*** Supplied information ***
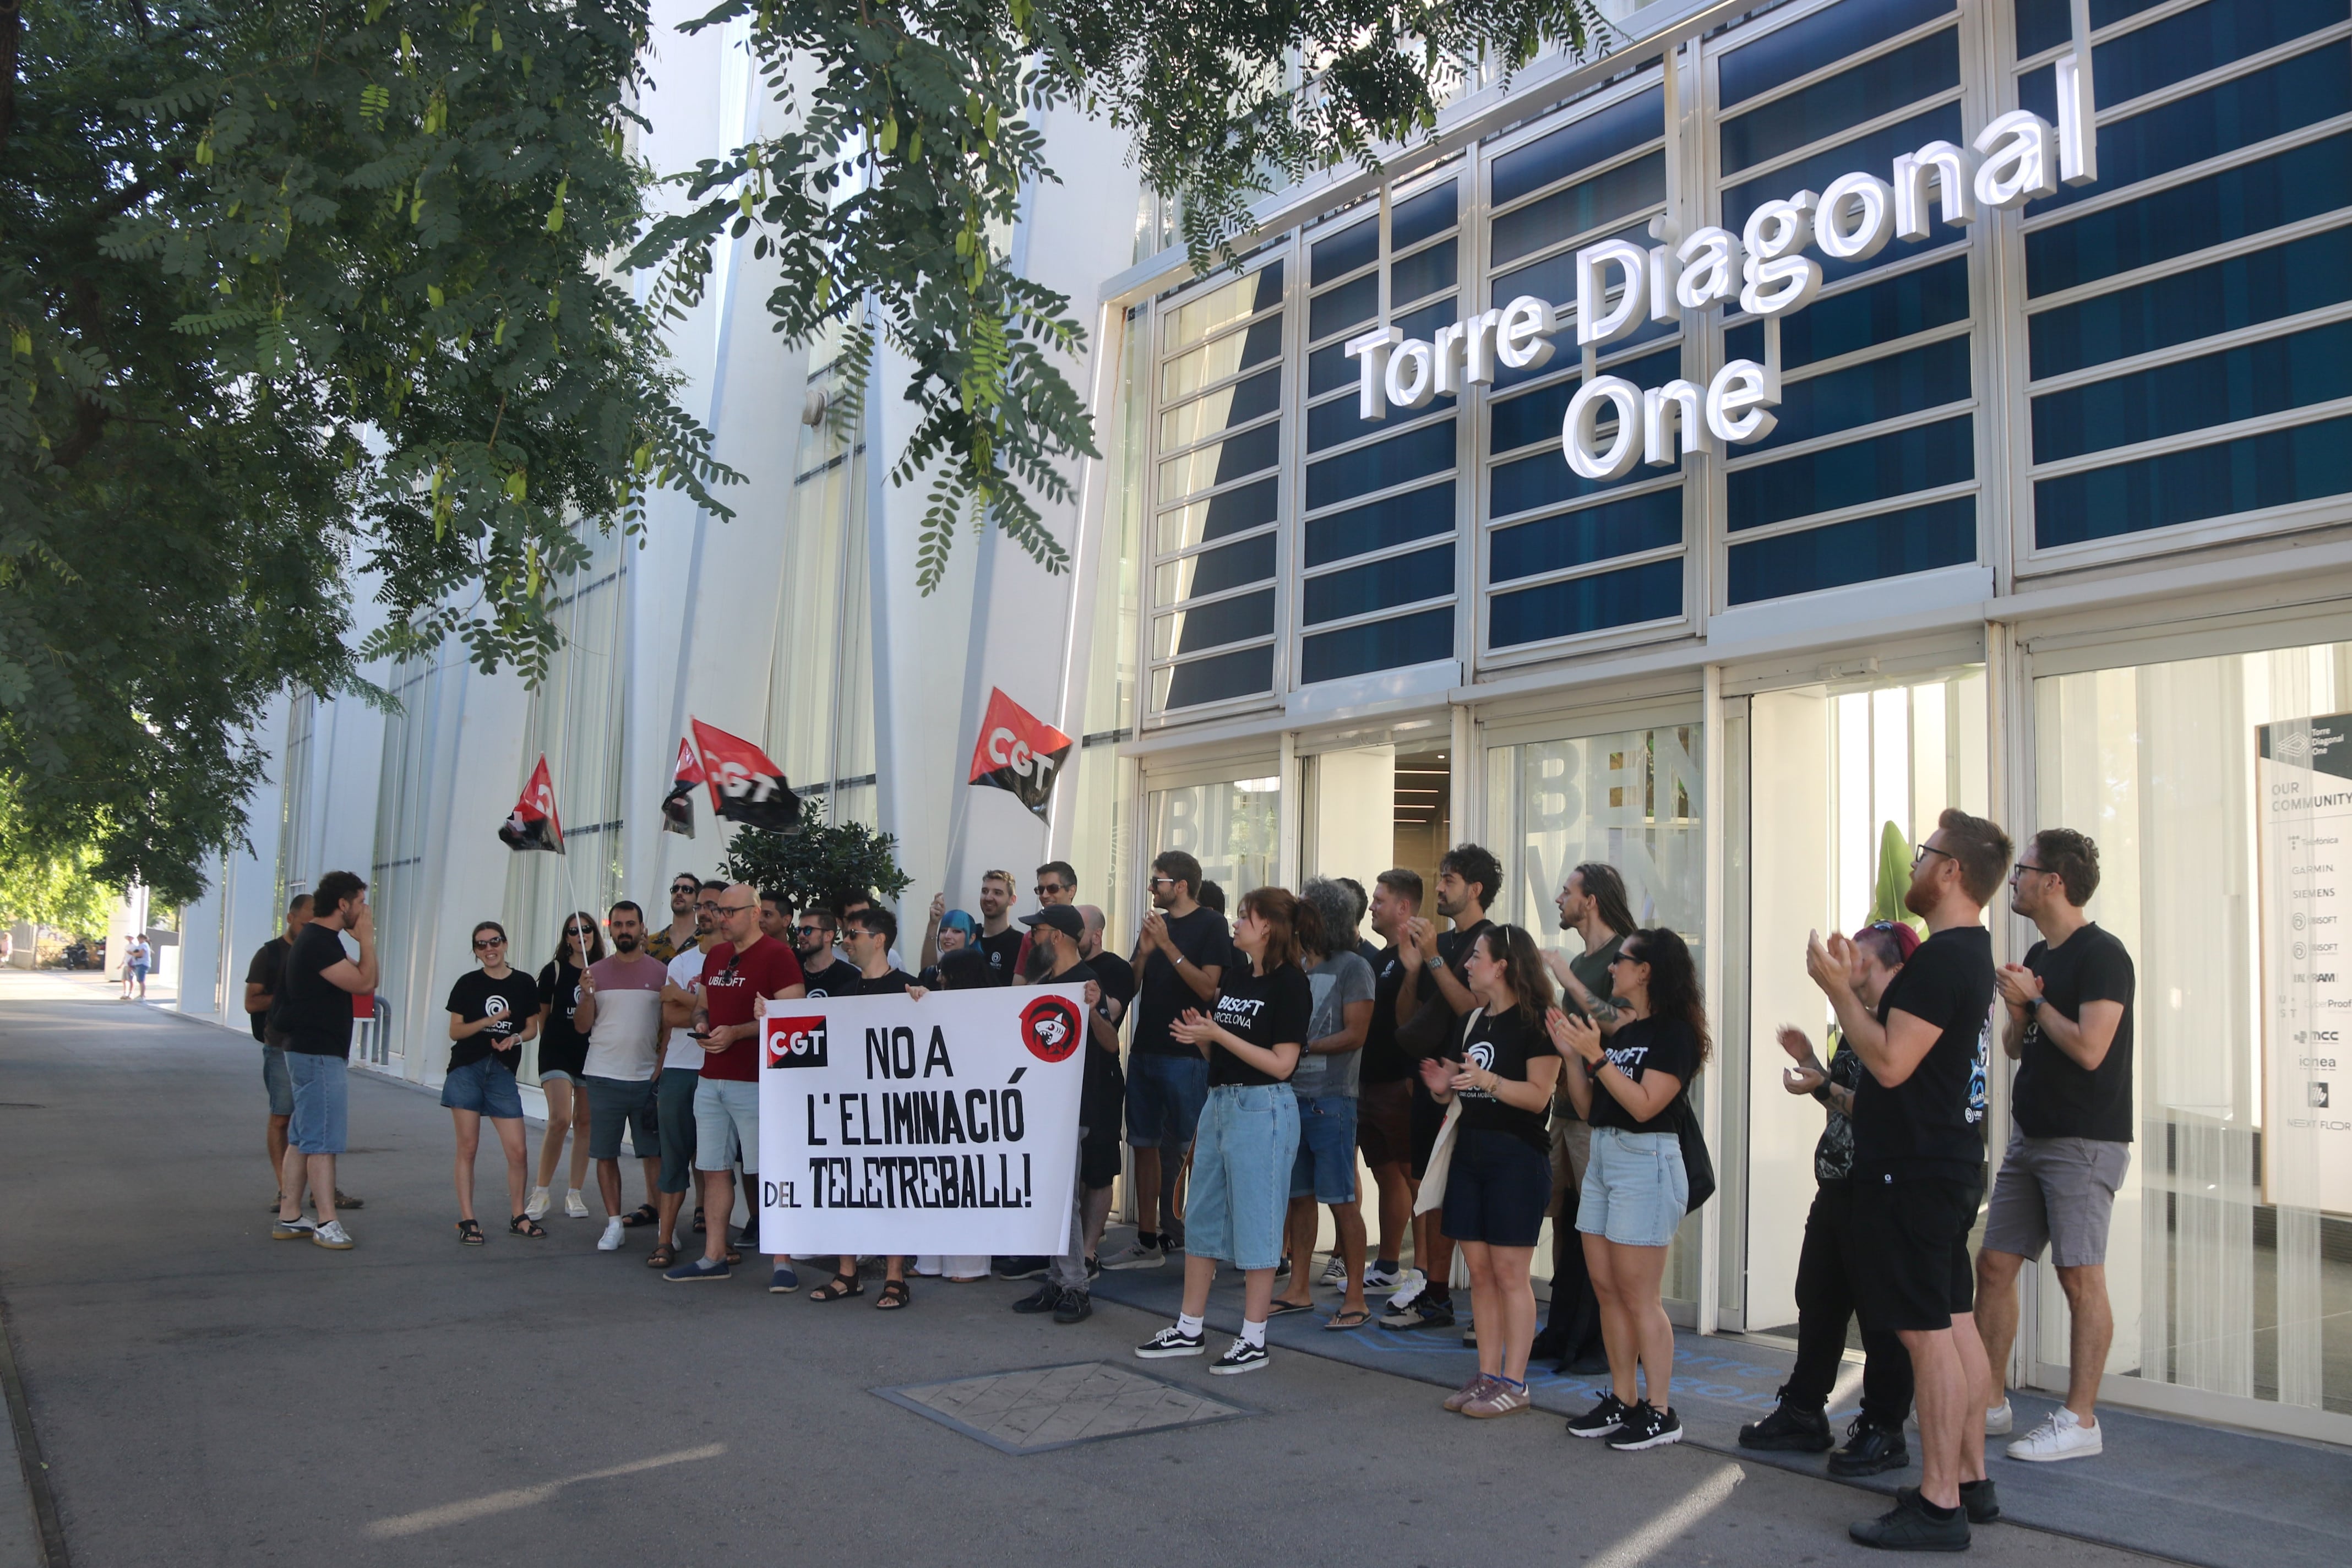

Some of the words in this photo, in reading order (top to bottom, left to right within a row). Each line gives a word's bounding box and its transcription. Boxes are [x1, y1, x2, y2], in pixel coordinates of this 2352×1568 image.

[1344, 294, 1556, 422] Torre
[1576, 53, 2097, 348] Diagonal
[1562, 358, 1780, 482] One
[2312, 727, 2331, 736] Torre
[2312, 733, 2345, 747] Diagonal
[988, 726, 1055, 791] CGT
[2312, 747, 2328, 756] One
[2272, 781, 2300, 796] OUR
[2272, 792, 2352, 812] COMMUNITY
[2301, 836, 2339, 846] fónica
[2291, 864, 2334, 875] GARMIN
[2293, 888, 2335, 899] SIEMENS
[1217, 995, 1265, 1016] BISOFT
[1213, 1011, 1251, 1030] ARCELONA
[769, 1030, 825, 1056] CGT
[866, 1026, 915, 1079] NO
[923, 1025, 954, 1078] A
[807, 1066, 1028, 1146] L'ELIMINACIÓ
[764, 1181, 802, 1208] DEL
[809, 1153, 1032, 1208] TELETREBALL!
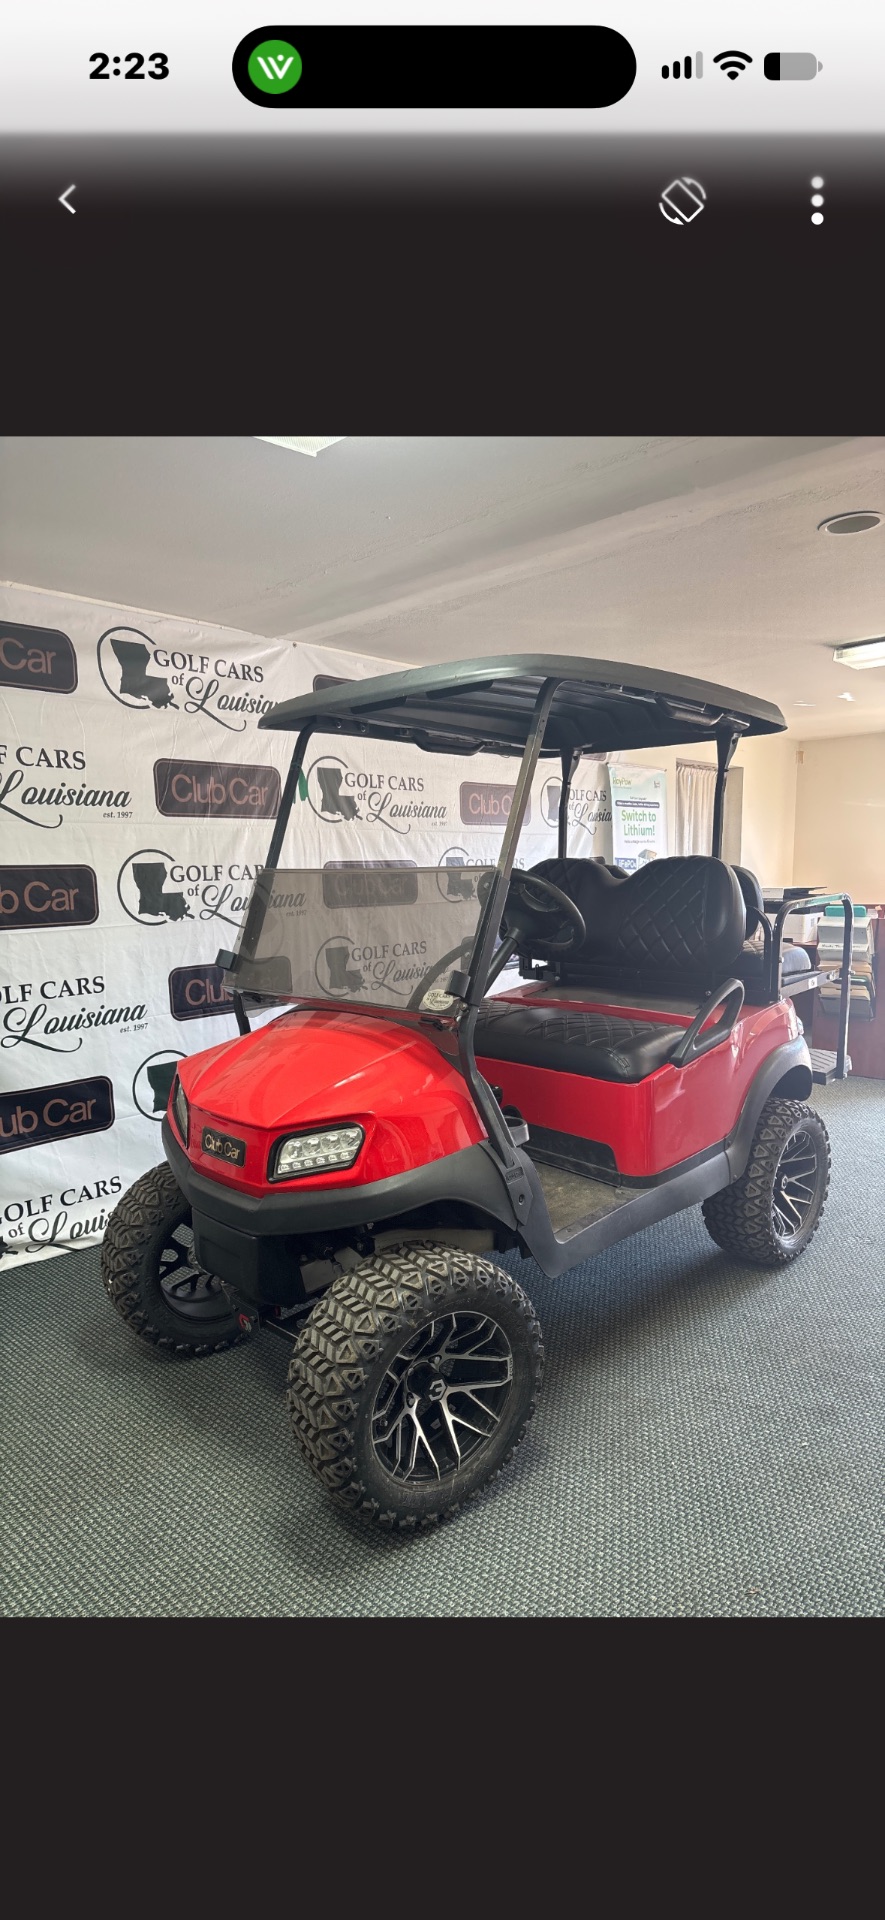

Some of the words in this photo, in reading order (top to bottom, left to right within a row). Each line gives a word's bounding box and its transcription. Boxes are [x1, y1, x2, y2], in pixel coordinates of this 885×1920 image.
*** End of Supplied information ***
- Problem to work on:
With the images excluded, output every record verbatim.

- Solved exercise:
Some of the words in this photo, in reading order (top to bottom, left to right within a row). Each line gives a word's bounding box and its transcription. Boxes are [x1, y1, x2, y2], in pixel coordinates of this 2352×1568 image.

[1344, 294, 1556, 422] Torre
[1576, 53, 2097, 348] Diagonal
[1562, 358, 1780, 482] One
[2312, 727, 2331, 736] Torre
[2312, 733, 2345, 747] Diagonal
[988, 726, 1055, 791] CGT
[2312, 747, 2328, 756] One
[2272, 781, 2300, 796] OUR
[2272, 792, 2352, 812] COMMUNITY
[2301, 836, 2339, 846] fónica
[2291, 864, 2334, 875] GARMIN
[2293, 888, 2335, 899] SIEMENS
[1217, 995, 1265, 1016] BISOFT
[1213, 1011, 1251, 1030] ARCELONA
[769, 1030, 825, 1056] CGT
[866, 1026, 915, 1079] NO
[923, 1025, 954, 1078] A
[807, 1066, 1028, 1146] L'ELIMINACIÓ
[764, 1181, 802, 1208] DEL
[809, 1153, 1032, 1208] TELETREBALL!

Some of the words in this photo, in reading order (top to bottom, left to right within a row). Each line gives a word's bounding box and its transcription. Boxes are [x1, y1, x2, y2], in pixel coordinates of this 885×1920 image.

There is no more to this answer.